[Aim of the exercise] Exclude the pictures; give every entry again exactly as written.
:: Input data
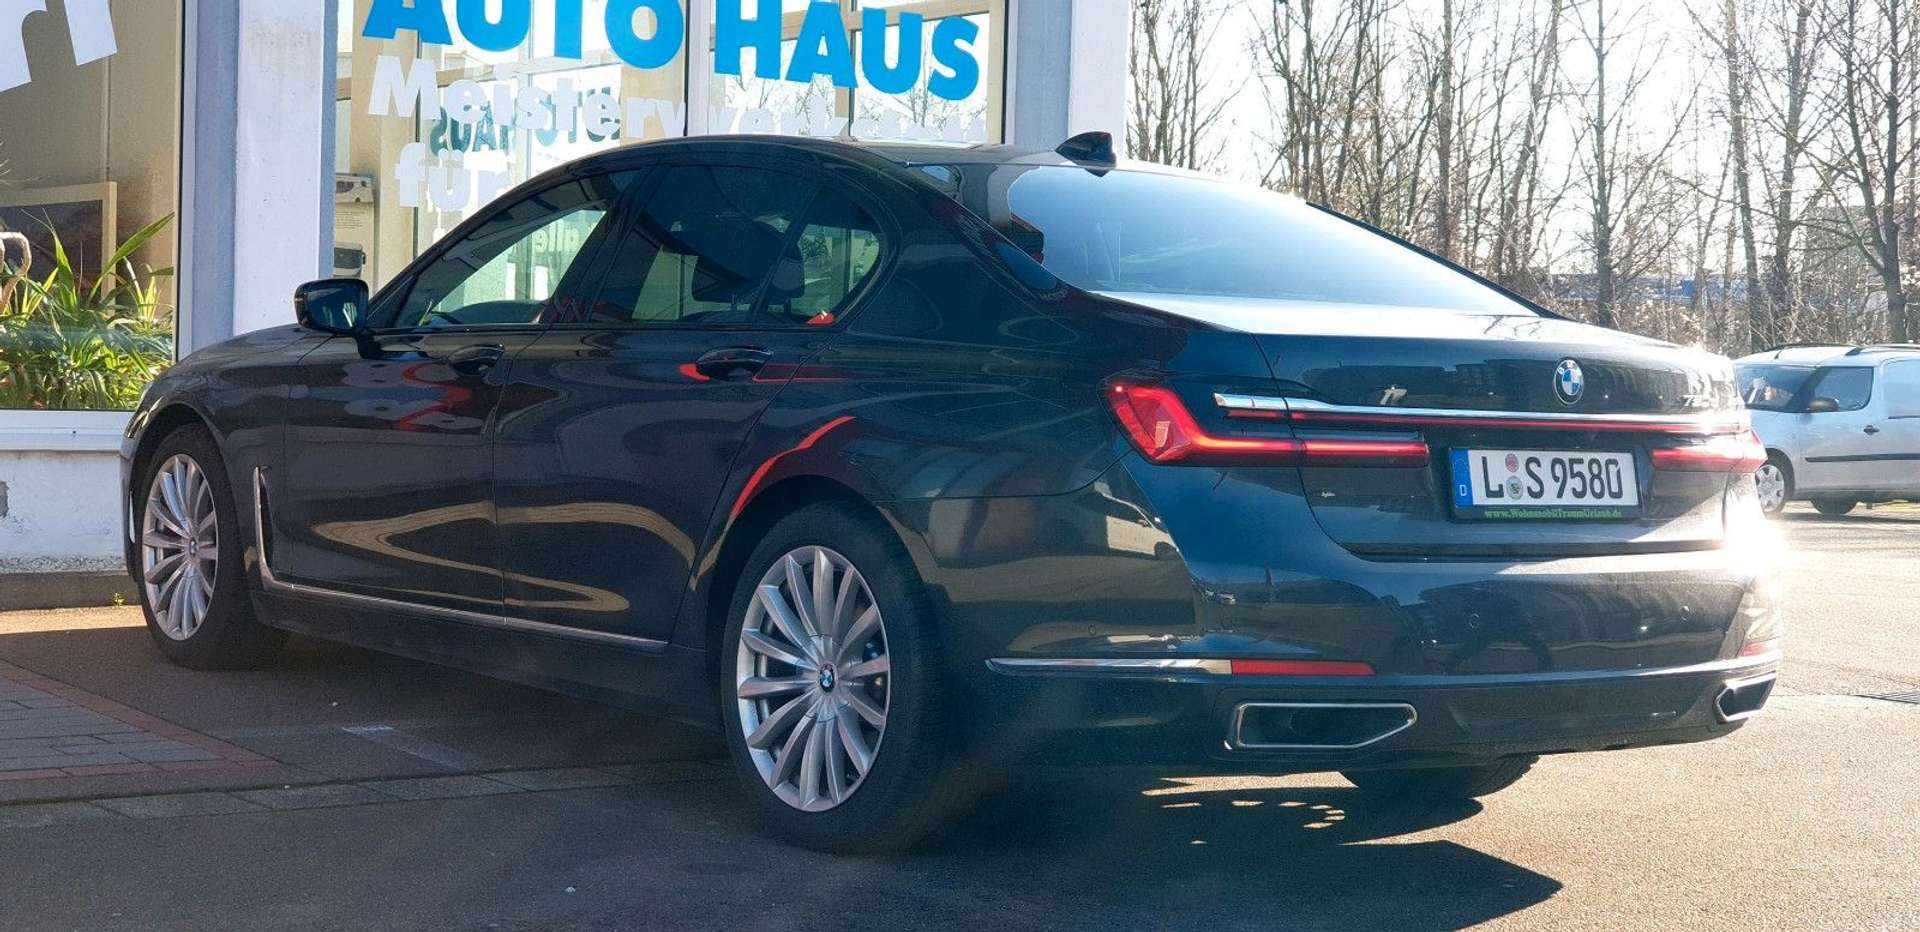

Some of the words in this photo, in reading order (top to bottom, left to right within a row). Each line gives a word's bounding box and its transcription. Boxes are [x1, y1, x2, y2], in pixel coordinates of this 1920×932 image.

[714, 0, 979, 101] HAUS
[394, 142, 511, 213] für
[1482, 456, 1504, 498] L
[1525, 457, 1544, 499] S
[1551, 457, 1623, 499] 9580
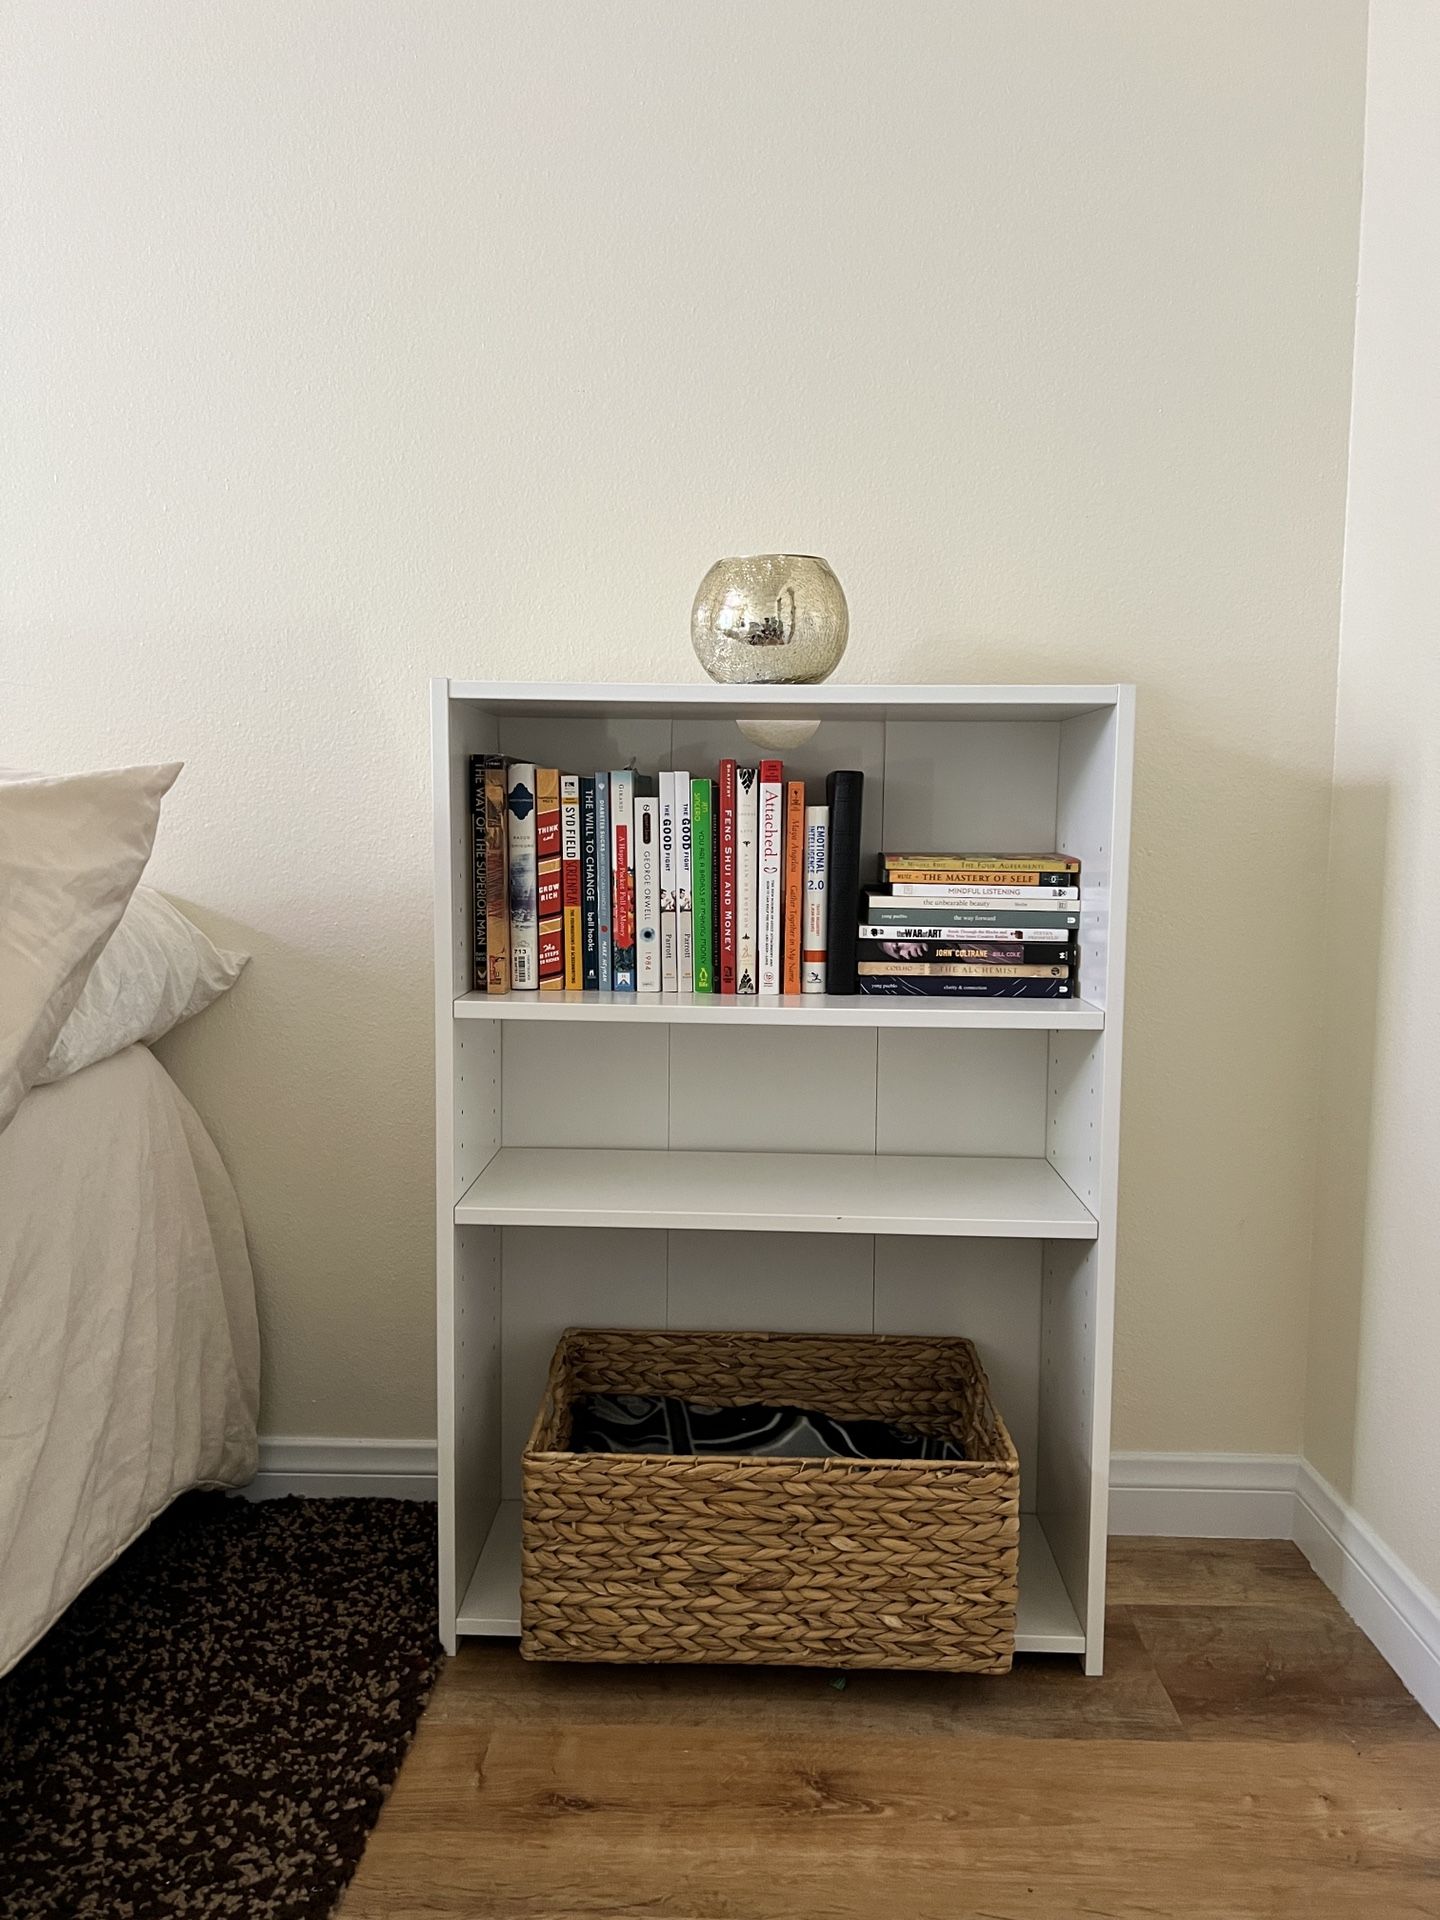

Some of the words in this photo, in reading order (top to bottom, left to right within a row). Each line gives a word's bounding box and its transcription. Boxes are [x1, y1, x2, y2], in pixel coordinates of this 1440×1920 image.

[475, 764, 485, 784] THE
[475, 787, 486, 814] WAY
[585, 789, 594, 809] THE
[475, 817, 486, 833] OF
[565, 807, 576, 827] SYD
[585, 812, 594, 836] WILL
[764, 789, 779, 862] Attached.
[538, 824, 559, 835] THINK
[663, 819, 672, 851] GOOD
[681, 818, 690, 850] GOOD
[789, 818, 800, 841] Maya
[476, 838, 486, 858] THE
[566, 830, 577, 858] FIELD
[585, 840, 595, 853] TO
[618, 843, 626, 865] Happy
[816, 825, 826, 874] EMOTIONAL
[643, 850, 651, 885] GEORGE
[789, 843, 799, 873] Angelou
[999, 862, 1045, 870] AGREEMENTS
[538, 883, 560, 894] GROW
[566, 860, 578, 907] SCREENPLAY
[586, 856, 595, 902] CHANGE
[807, 879, 825, 891] 2.0
[922, 873, 942, 881] THE
[946, 874, 990, 882] MASTERY
[1010, 875, 1033, 883] SELF
[476, 861, 487, 917] SUPERIOR
[540, 892, 559, 902] RICH
[789, 885, 798, 908] Gather
[948, 887, 980, 895] MINDFUL
[982, 887, 1021, 895] LISTENING
[644, 888, 652, 920] ORWELL
[934, 899, 968, 907] unbearable
[587, 911, 595, 927] bell
[788, 909, 798, 937] Together
[477, 920, 487, 946] MAN
[587, 928, 595, 952] hooks
[789, 938, 795, 946] in
[787, 948, 796, 960] My
[935, 949, 952, 957] JOHN
[954, 949, 988, 958] COLTRANE
[787, 962, 795, 983] Name
[963, 966, 1018, 974] ALCHEMIST
::::
[Solution for this problem]
Some of the words in this photo, in reading order (top to bottom, left to right within a row). Each line gives a word's bounding box and its transcription. Boxes are [x1, y1, x2, y2], in pixel coordinates of this 1920×932 image.

[714, 0, 979, 101] HAUS
[394, 142, 511, 213] für
[1482, 456, 1504, 498] L
[1525, 457, 1544, 499] S
[1551, 457, 1623, 499] 9580

Some of the words in this photo, in reading order (top to bottom, left to right within a row). Each line gives a word's bounding box and its transcription. Boxes are [x1, y1, x2, y2], in pixel coordinates of this 1440×1920 image.

[475, 764, 485, 784] THE
[475, 787, 486, 814] WAY
[585, 789, 594, 809] THE
[475, 817, 486, 833] OF
[565, 807, 576, 827] SYD
[585, 812, 594, 836] WILL
[764, 789, 779, 862] Attached.
[538, 824, 559, 835] THINK
[663, 819, 672, 851] GOOD
[681, 818, 690, 850] GOOD
[789, 818, 800, 841] Maya
[476, 838, 486, 858] THE
[566, 830, 577, 858] FIELD
[585, 840, 595, 853] TO
[618, 843, 626, 865] Happy
[816, 825, 826, 874] EMOTIONAL
[643, 850, 651, 885] GEORGE
[789, 843, 799, 873] Angelou
[999, 862, 1045, 870] AGREEMENTS
[538, 883, 560, 894] GROW
[566, 860, 578, 907] SCREENPLAY
[586, 856, 595, 902] CHANGE
[807, 879, 825, 891] 2.0
[922, 873, 942, 881] THE
[946, 874, 990, 882] MASTERY
[1010, 875, 1033, 883] SELF
[476, 861, 487, 917] SUPERIOR
[540, 892, 559, 902] RICH
[789, 885, 798, 908] Gather
[948, 887, 980, 895] MINDFUL
[982, 887, 1021, 895] LISTENING
[644, 888, 652, 920] ORWELL
[934, 899, 968, 907] unbearable
[587, 911, 595, 927] bell
[788, 909, 798, 937] Together
[477, 920, 487, 946] MAN
[587, 928, 595, 952] hooks
[789, 938, 795, 946] in
[787, 948, 796, 960] My
[935, 949, 952, 957] JOHN
[954, 949, 988, 958] COLTRANE
[787, 962, 795, 983] Name
[963, 966, 1018, 974] ALCHEMIST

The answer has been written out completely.